While every SEGA 3D Classic has utilized the 3DS’s 3D capabilities well, 3D Thunder Blade is the first 3D Classics title that truly calls for the effect. The game’s overhead mode in 3D offers a whole new dimension of play, with the distance between the player’s helicopter and the ground playing a key role in evading enemy fire and deciding which weapons to use. The head-on perspective, meanwhile, is just as good as any other 3D Classic title, and because Thunder Blade was one of SEGA’s later super scaler titles the effect is more impressive than seen in 3D Out Run and 3D Space Harrier.
Controls are simple once you get used to them, and SEGA Localization Producer Sam Mullen will be happy to learn that I read the game’s digital manual to fully understand how to maneuver through the game. Like other SEGA 3D Classic arcade releases, you have several options for controls and will likely find one that perfectly suits your tastes. I opted for controlling the helicopter with the left thumb stick, firing with the buttons, and adjusting my speed with the triggers.
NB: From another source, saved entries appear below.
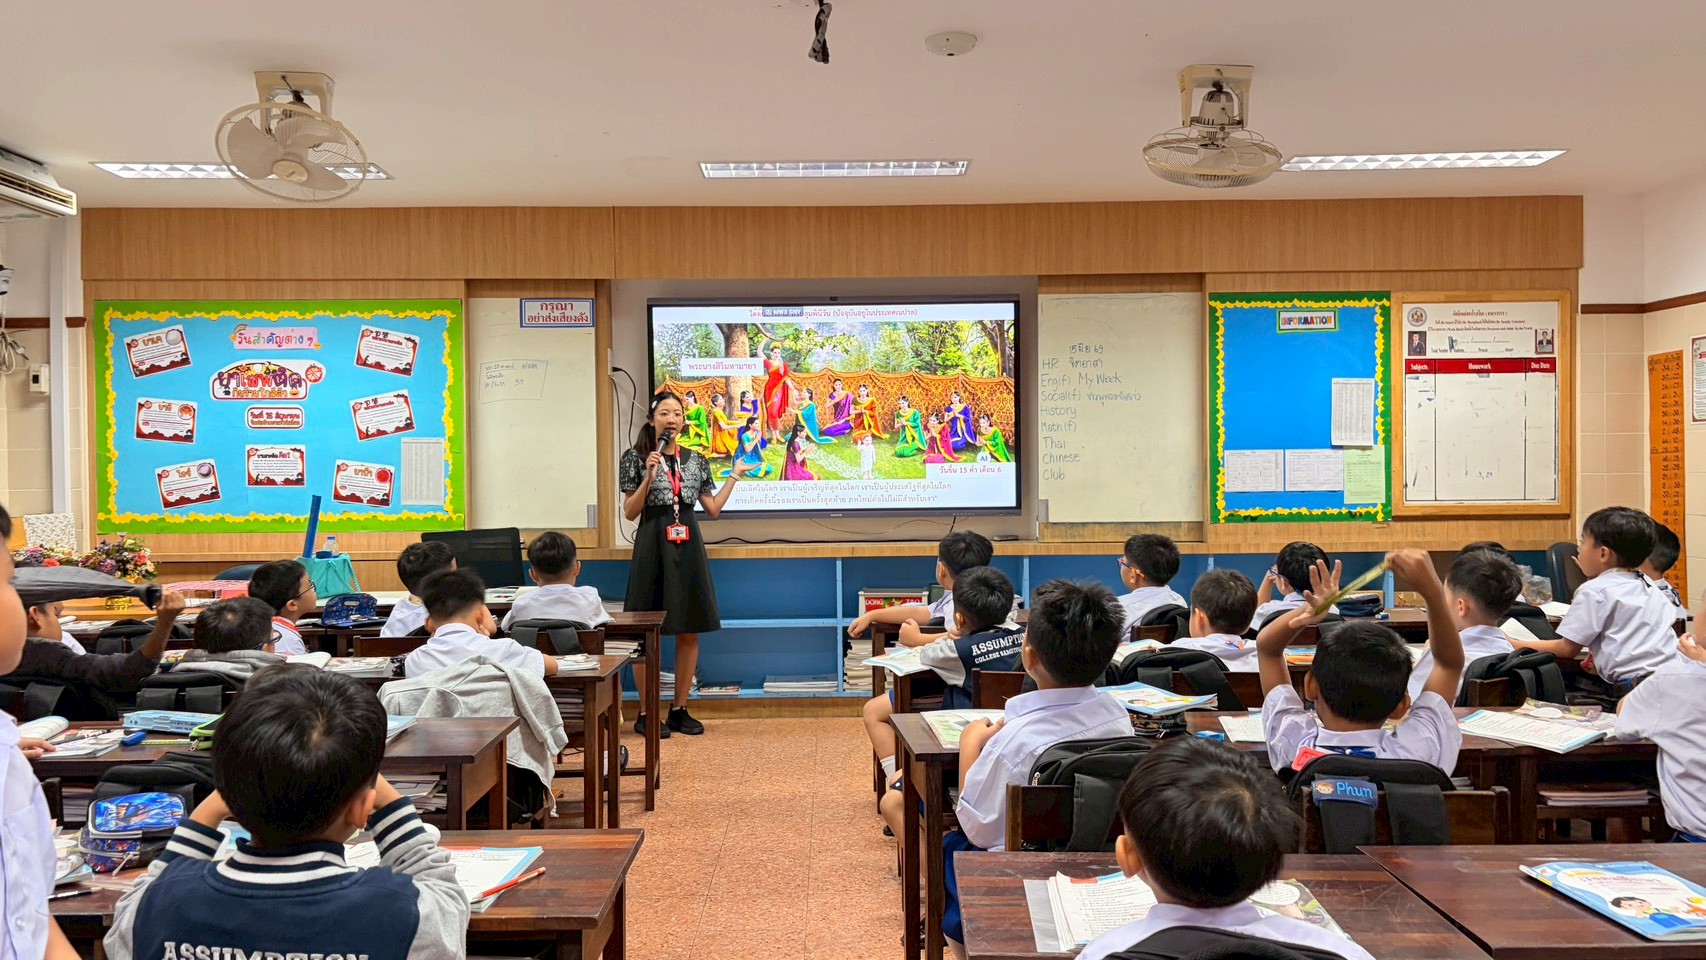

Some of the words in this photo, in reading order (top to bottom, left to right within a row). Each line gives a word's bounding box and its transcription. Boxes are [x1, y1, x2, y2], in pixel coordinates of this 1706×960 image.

[540, 302, 574, 314] กรุณา
[527, 312, 588, 323] อย่าส่งเสียงดัง
[1281, 316, 1332, 326] INFORMATION
[237, 329, 304, 347] วันสำคัญต่าง
[688, 361, 757, 371] พระนางสิริมหามายา
[1042, 358, 1059, 369] HR
[1410, 363, 1429, 371] Subjects
[1468, 362, 1491, 370] Homework
[1531, 361, 1540, 369] Due
[1540, 361, 1550, 369] Date
[217, 367, 303, 389] ยาเสพติด
[1079, 372, 1093, 389] My
[1096, 371, 1122, 385] Week
[1040, 406, 1077, 419] History
[1043, 437, 1066, 449] Thai
[1042, 453, 1081, 465] Chinese
[1043, 469, 1065, 480] Club
[974, 651, 1001, 664] COLLEGE
The game also can map speed to the C-stick, something I’m unable to do on my old 3DS XL, but I’d assume that that would be the ideal control scheme.
The original Thunder Blade is on the short side, with only four stages, however given the arcade version’s difficulty it feels like a much longer experience. However, with 3D Thunder Blade offering up various difficulty modes and more continues, players can easily breeze through the game in 15 minutes at the easiest settings. M2 were likely aware of this, as beating the original game unlocks a special mode which brings several changes to the original game, in essence adding four additional stages to the game. In “Special Mode” your helicopter is a different color, weapons are enhanced, enemy and obstacle patterns are new, bosses now have special introduction graphics and the mode adds a new end boss.
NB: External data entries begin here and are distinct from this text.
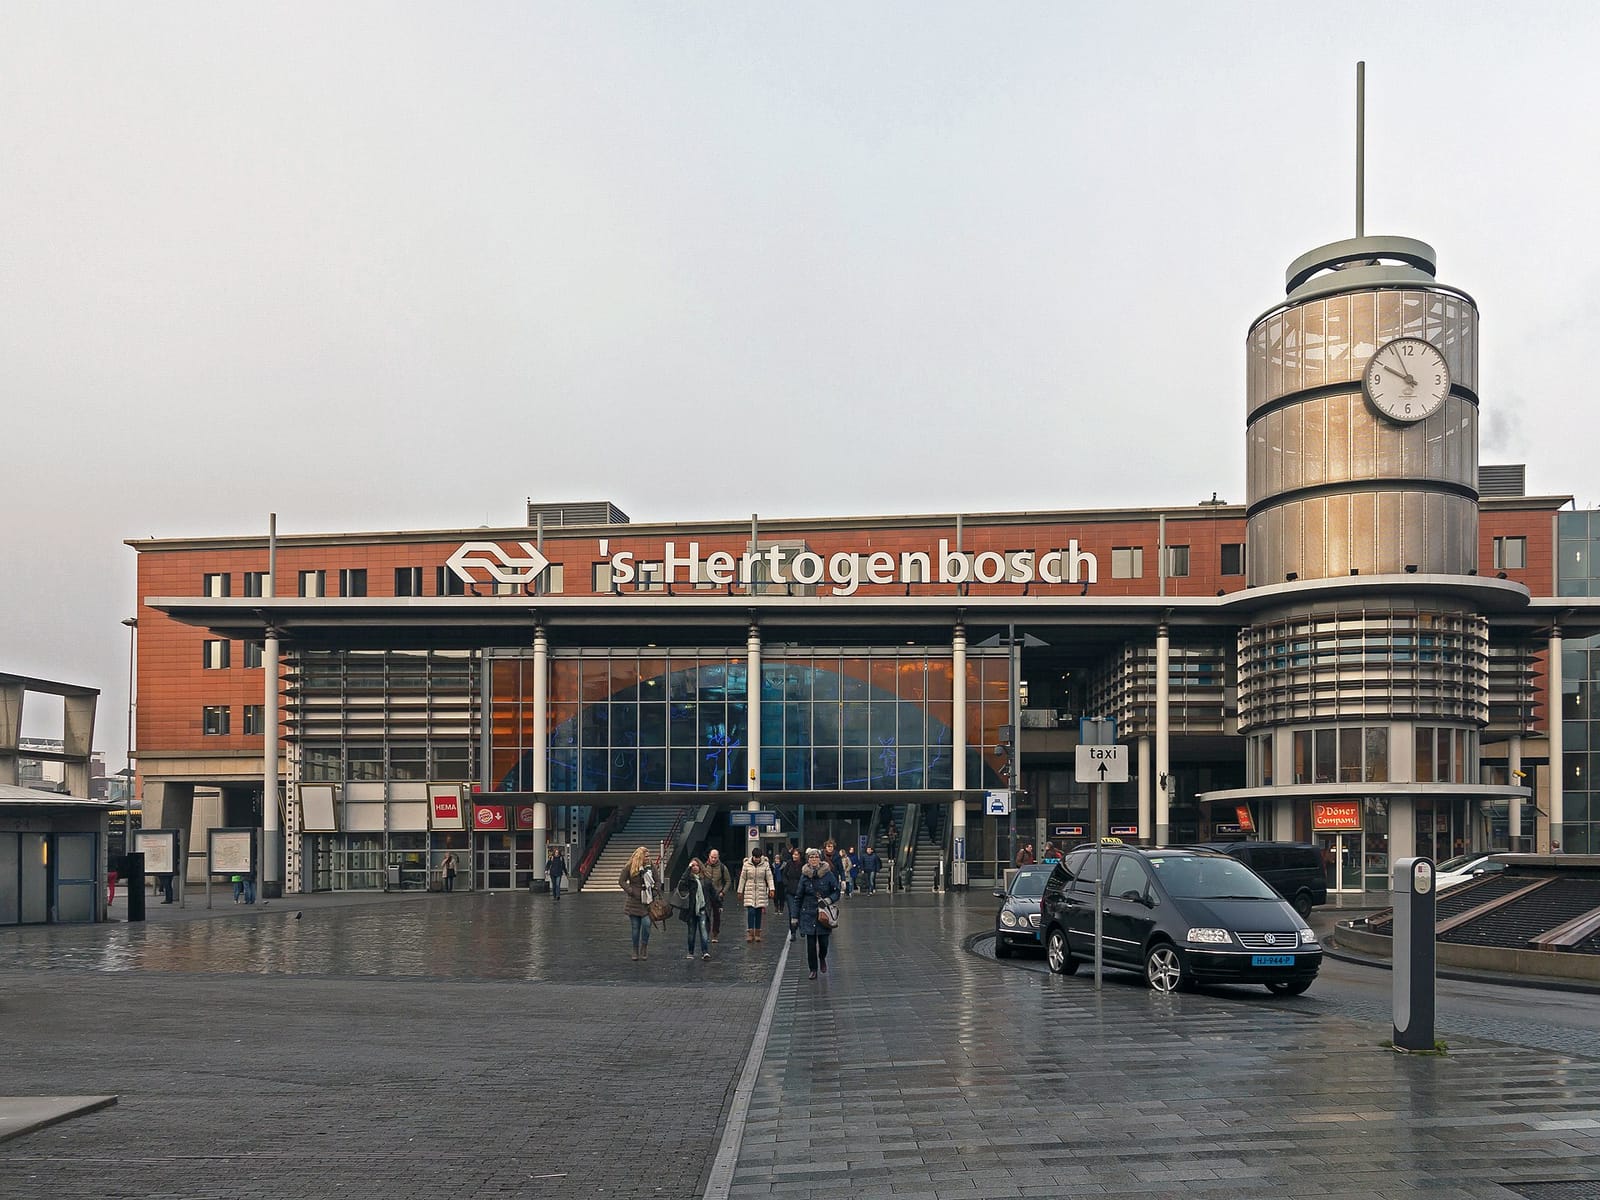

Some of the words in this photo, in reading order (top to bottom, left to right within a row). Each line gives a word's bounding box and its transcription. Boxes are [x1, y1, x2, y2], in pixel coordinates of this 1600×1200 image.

[1402, 345, 1414, 357] 12
[1374, 374, 1381, 385] 9
[1434, 374, 1442, 386] 3
[1404, 403, 1411, 414] 6
[599, 538, 1098, 596] 's-Hertogenbosch
[1089, 746, 1117, 759] taxi
[1326, 806, 1356, 816] Döner
[1317, 816, 1357, 826] Company
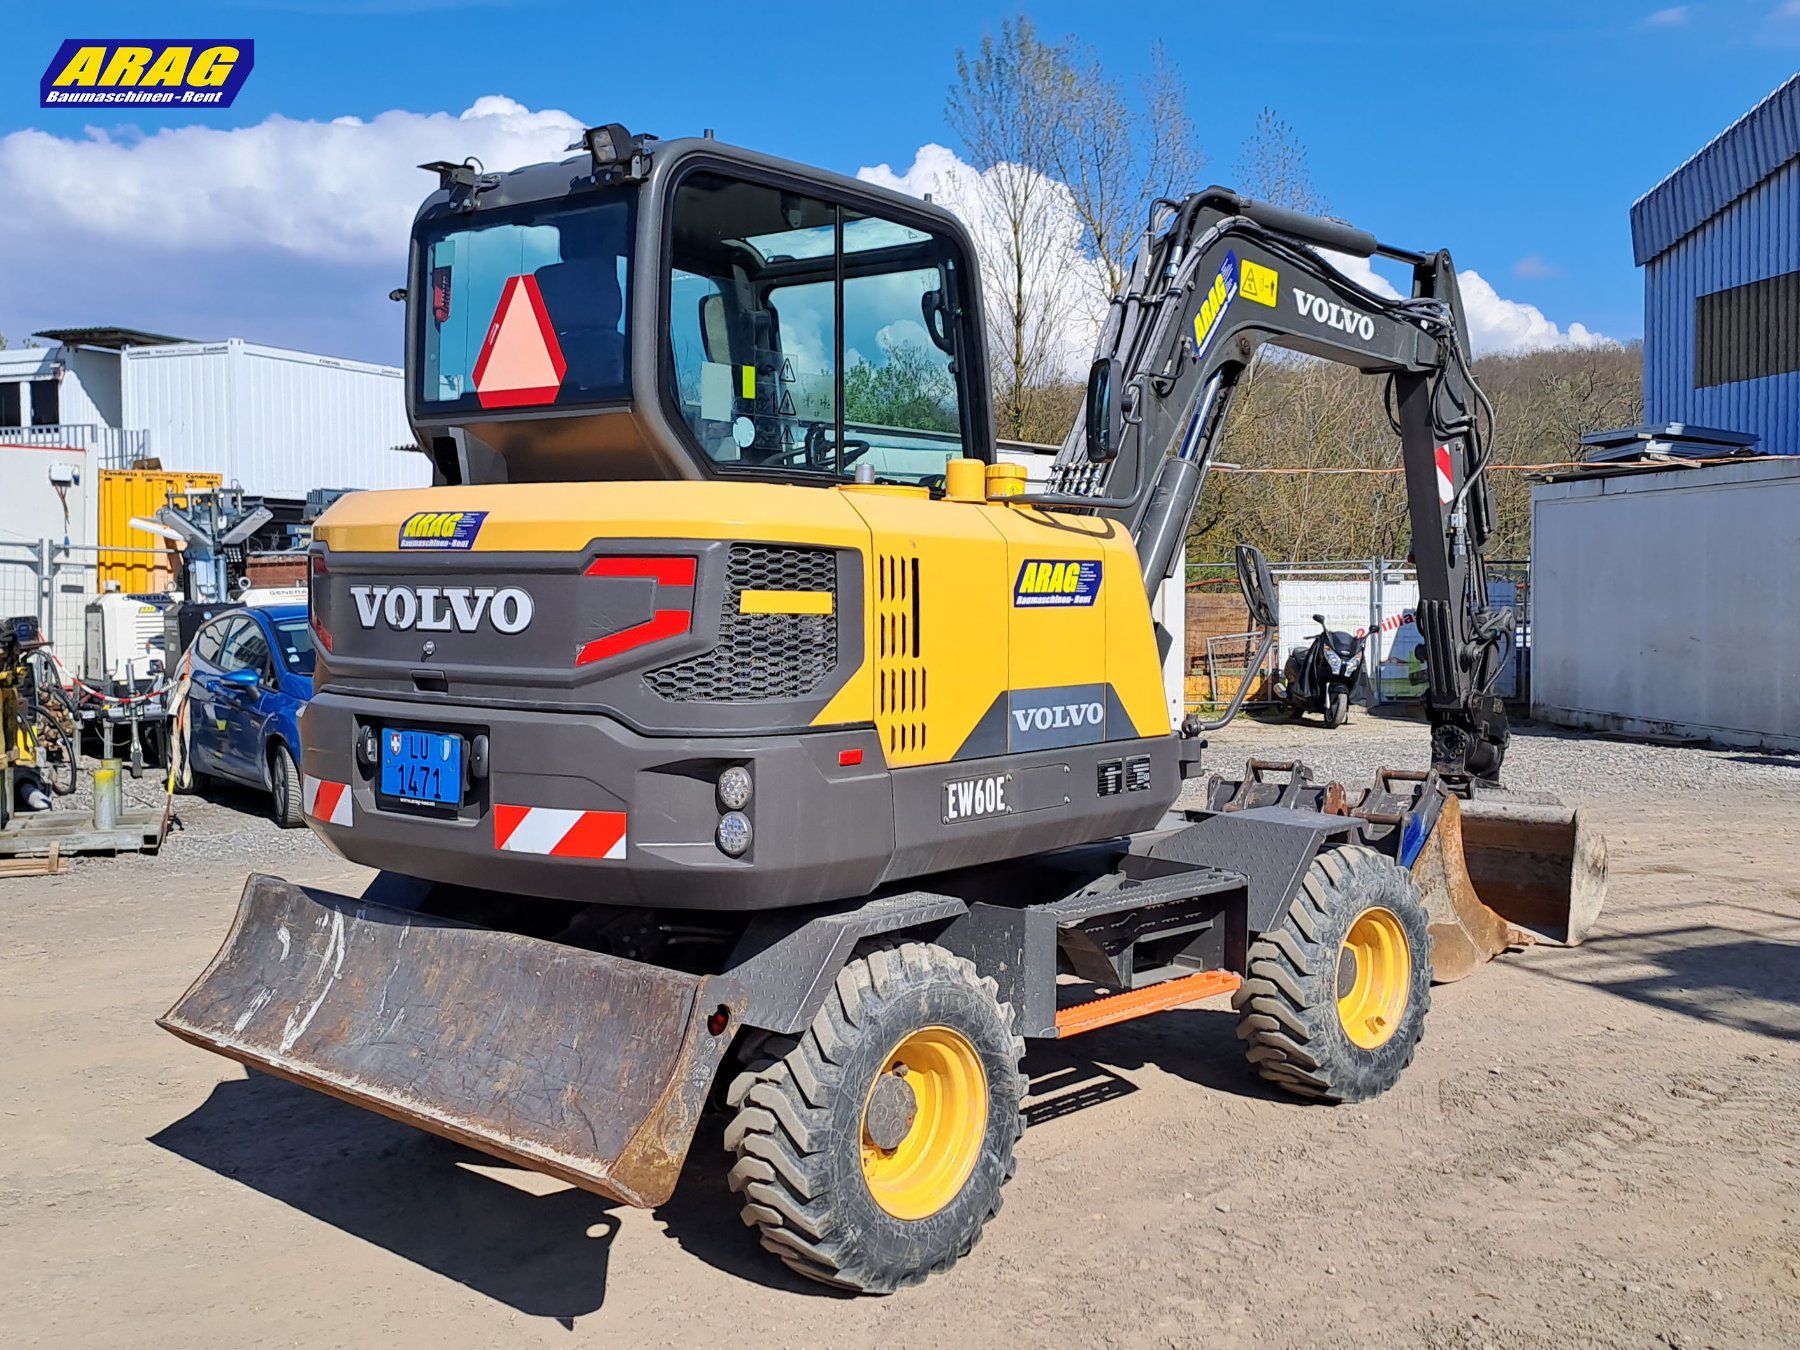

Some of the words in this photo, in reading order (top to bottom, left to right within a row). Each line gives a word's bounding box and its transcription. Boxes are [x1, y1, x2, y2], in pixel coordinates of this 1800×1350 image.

[1194, 273, 1227, 348] ARAG
[1292, 288, 1375, 341] VOLVO
[403, 512, 465, 538] ARAG
[1018, 562, 1081, 593] ARAG
[350, 585, 534, 635] VOLVO
[1012, 702, 1104, 732] VOLVO
[410, 735, 429, 759] LU
[398, 764, 441, 799] 1471
[948, 776, 1006, 819] EW60E
Also present in this release are the modes we’ve come to expect from SEGA 3D Classic arcade titles including save functions, replay saving, touch screen and gyroscopic control options, difficulty settings, and several screen and display options including a standard full screen view and a recreation of the deluxe arcade version that I’ve been gushing about.
3D Thunder Blade may be one of the lighter 3D Classic titles in terms of game length and content, however the game itself is a true SEGA classic that never got the love it deserved due in large part to the lack of an arcade-perfect home release. As such, 3D Thunder Blade is the long-awaited arcade-perfect home release fans have been waiting for and is a must own title regardless of length.
- A long awaited arcade-perfect release
- 3D effect is excellent
- Shifting perspectives shakes things up
- Difficulty modes & special mode extend an otherwise short game
- No online leaderboards
- Four stages + four remixed stages may be too short
- May feel too similar to After Burner, Space Harrier, & Galaxy Force II
This is an advance review, 3D Thunder Blade releases this Thursday to Nintendo’s 3DS eShop!